(Stored data)
++++++
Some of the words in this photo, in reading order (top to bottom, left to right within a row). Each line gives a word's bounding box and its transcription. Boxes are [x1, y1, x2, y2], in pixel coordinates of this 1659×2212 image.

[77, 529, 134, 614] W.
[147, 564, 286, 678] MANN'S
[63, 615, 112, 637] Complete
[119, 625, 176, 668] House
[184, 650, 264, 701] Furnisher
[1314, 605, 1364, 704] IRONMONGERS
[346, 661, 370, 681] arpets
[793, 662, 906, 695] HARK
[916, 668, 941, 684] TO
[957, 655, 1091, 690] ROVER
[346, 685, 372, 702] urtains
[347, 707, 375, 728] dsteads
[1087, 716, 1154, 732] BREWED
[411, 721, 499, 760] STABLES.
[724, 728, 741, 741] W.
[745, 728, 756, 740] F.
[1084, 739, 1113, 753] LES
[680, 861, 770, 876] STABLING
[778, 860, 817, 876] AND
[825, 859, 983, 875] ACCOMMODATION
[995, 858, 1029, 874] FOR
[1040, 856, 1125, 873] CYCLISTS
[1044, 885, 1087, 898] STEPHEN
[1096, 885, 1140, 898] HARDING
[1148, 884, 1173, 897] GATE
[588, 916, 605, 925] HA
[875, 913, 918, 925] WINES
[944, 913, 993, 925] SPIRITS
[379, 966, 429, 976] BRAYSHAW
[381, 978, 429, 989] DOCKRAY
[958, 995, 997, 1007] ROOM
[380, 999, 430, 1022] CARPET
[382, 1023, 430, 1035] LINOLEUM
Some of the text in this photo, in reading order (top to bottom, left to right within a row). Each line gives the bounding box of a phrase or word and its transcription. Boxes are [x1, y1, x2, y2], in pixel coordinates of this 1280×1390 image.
++++++
Reproduce each entry above. Every word must match.

TASK ANSWER:
Some of the words in this photo, in reading order (top to bottom, left to right within a row). Each line gives a word's bounding box and its transcription. Boxes are [x1, y1, x2, y2], in pixel coordinates of this 1659×2212 image.

[77, 529, 134, 614] W.
[147, 564, 286, 678] MANN'S
[63, 615, 112, 637] Complete
[119, 625, 176, 668] House
[184, 650, 264, 701] Furnisher
[1314, 605, 1364, 704] IRONMONGERS
[346, 661, 370, 681] arpets
[793, 662, 906, 695] HARK
[916, 668, 941, 684] TO
[957, 655, 1091, 690] ROVER
[346, 685, 372, 702] urtains
[347, 707, 375, 728] dsteads
[1087, 716, 1154, 732] BREWED
[411, 721, 499, 760] STABLES.
[724, 728, 741, 741] W.
[745, 728, 756, 740] F.
[1084, 739, 1113, 753] LES
[680, 861, 770, 876] STABLING
[778, 860, 817, 876] AND
[825, 859, 983, 875] ACCOMMODATION
[995, 858, 1029, 874] FOR
[1040, 856, 1125, 873] CYCLISTS
[1044, 885, 1087, 898] STEPHEN
[1096, 885, 1140, 898] HARDING
[1148, 884, 1173, 897] GATE
[588, 916, 605, 925] HA
[875, 913, 918, 925] WINES
[944, 913, 993, 925] SPIRITS
[379, 966, 429, 976] BRAYSHAW
[381, 978, 429, 989] DOCKRAY
[958, 995, 997, 1007] ROOM
[380, 999, 430, 1022] CARPET
[382, 1023, 430, 1035] LINOLEUM
Some of the text in this photo, in reading order (top to bottom, left to right within a row). Each line gives the bounding box of a phrase or word and its transcription. Boxes are [x1, y1, x2, y2], in pixel coordinates of this 1280×1390 image.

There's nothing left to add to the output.